Toda a resenha de uma obra significativa é sempre uma leitura parcial dela. Em face disso, optou-se aqui por focar a crítica de Müller à prática da Corte Constitucional alemã. A razão dessa opção deve-se a adoção pelo Supremo Tribunal Federal, sob a Constituição de 1988, dos instrumentos e técnicas de interpretação utilizados por aquele Tribunal Constitucional, os quais encontram em Müller um importante crítico.

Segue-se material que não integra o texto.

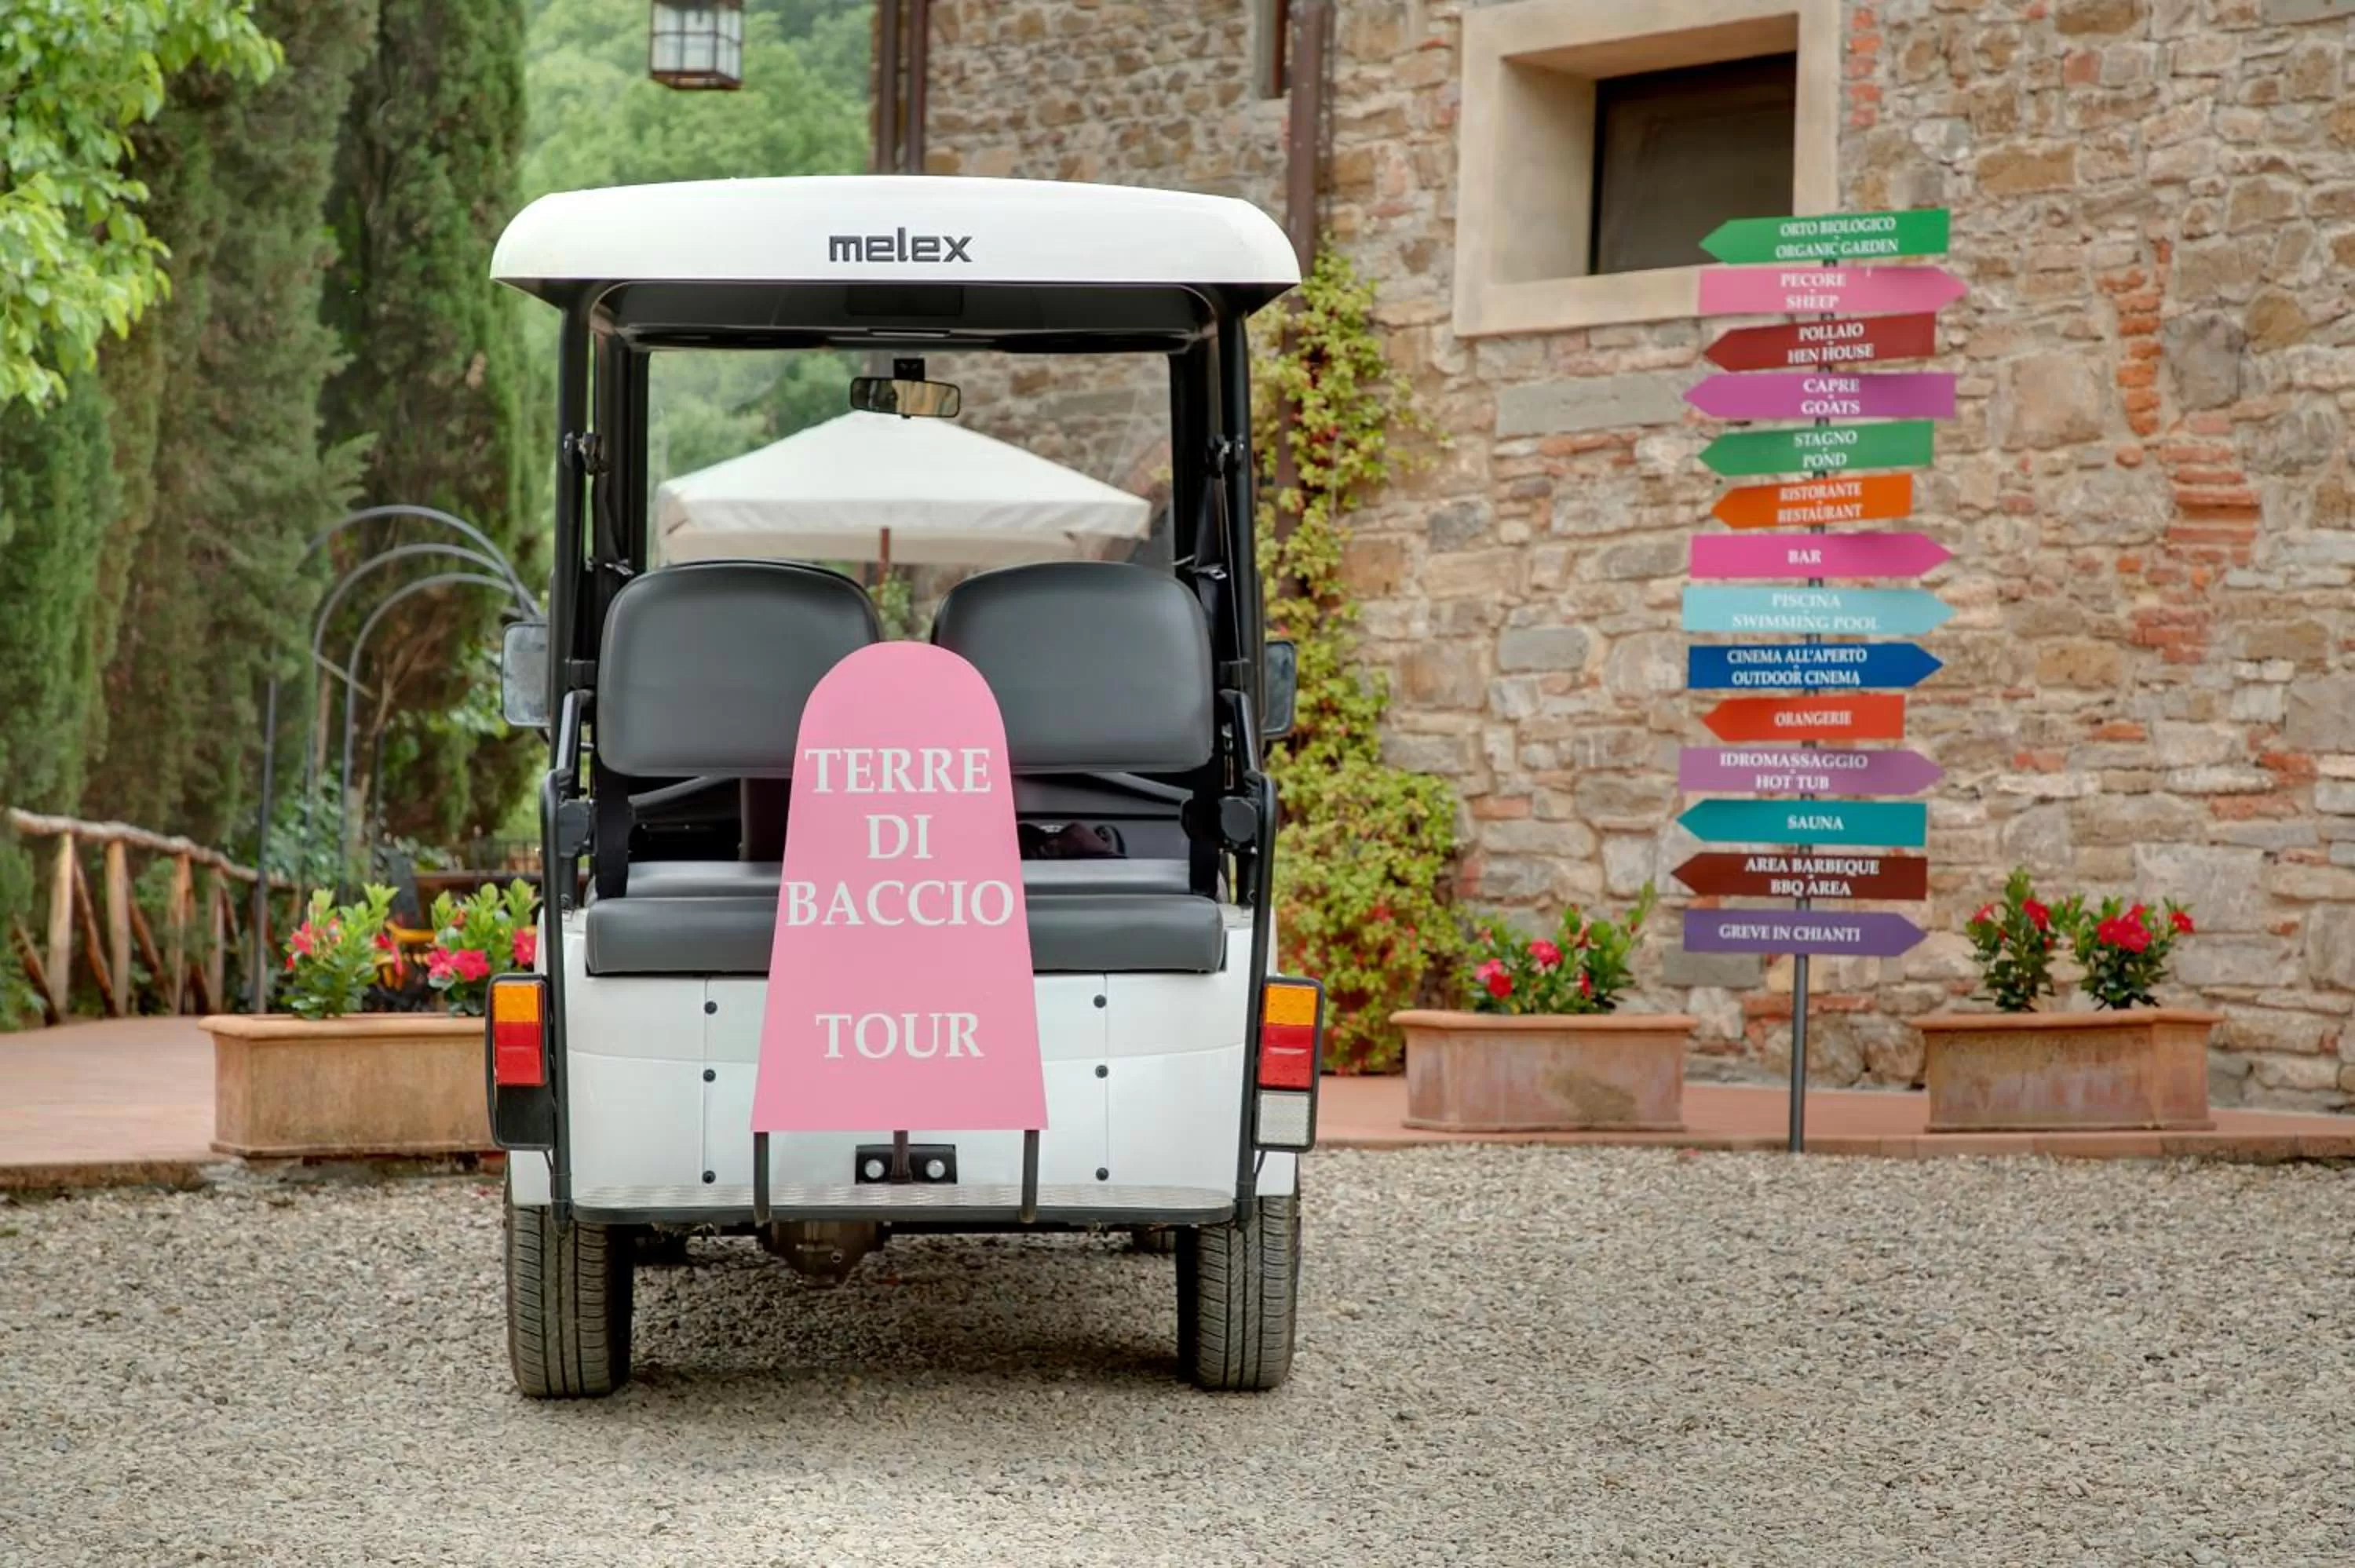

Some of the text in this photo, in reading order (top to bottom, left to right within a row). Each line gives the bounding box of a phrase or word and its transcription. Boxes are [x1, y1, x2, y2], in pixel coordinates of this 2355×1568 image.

[1780, 217, 1896, 235] ORTO BIOLOGICO
[830, 227, 973, 262] melex
[1776, 239, 1898, 258] ORGANIC GARDEN
[1780, 274, 1846, 286] PECORE
[1787, 296, 1839, 308] SHEEP
[1799, 323, 1864, 340] POLLAIO
[1787, 345, 1874, 364] HEN HOUSE
[1803, 379, 1859, 392] CAPRE
[1801, 400, 1860, 414] GOATS
[1794, 430, 1857, 447] STAGNO
[1803, 453, 1846, 468] POND
[1788, 550, 1820, 563] BAR
[1773, 594, 1840, 607] PISCINA
[1733, 615, 1879, 629] SWIMMING POOL
[1728, 649, 1867, 663] CINEMA ALL'APERTO
[1732, 672, 1860, 686] OUTDOOR CINEMA
[1775, 711, 1852, 726] ORANGERIE
[1720, 753, 1868, 768] IDROMASSAGGIO
[805, 748, 991, 793] TERRE
[1756, 775, 1829, 789] HOT TUB
[1787, 815, 1843, 830] SAUNA
[867, 815, 933, 859] DI
[1745, 858, 1879, 877] AREA BARBEQUE
[1771, 880, 1851, 896] BBQ AREA
[785, 880, 1014, 926] BACCIO
[1719, 924, 1860, 942] GREVE IN CHIANTI
[816, 1013, 984, 1058] TOUR

Inicialmente, a noção de "metódica" em Müller possui um significado mais amplo do que a tradicional noção de "métodos de interpretação", alcançando a "hermenêutica", entendida como os pressupostos do processo de interpretação normativa, bem como, a própria interpretação tida como as possibilidades jurídicas de concretização do texto legal. A idéia central que norteia Müller é que a "concretização prática da norma é mais do que a interpretação do texto".4 Por tal razão, suas considerações procuram envolver todos os aspectos relevantes no trabalho de concretização do direito, especialmente, aqueles que dizem respeito às pré-compreensões jurídicas e ideológicas, bem como, aos pressupostos teóricos, tais como, os relacionados às teorias do estado, do direito, da política e da constituição.

Müller volta sua crítica contra o positivismo, especialmente na sua versão kelseniana, cujo esforço teórico em fornecer um status científico ao direito, terminou por isolar as normas jurídicas no âmbito do "dever-ser", reduzindo-as a um enunciado lingüístico contraposto ao mundo do "ser". A relação entre esses dois mundos se dá em termos unilaterais de uma "imputação", onde todo o esforço jurídico está concentrado em extrair o significado dos enunciados lingüísticos normativos e aplicá-los aos fatos.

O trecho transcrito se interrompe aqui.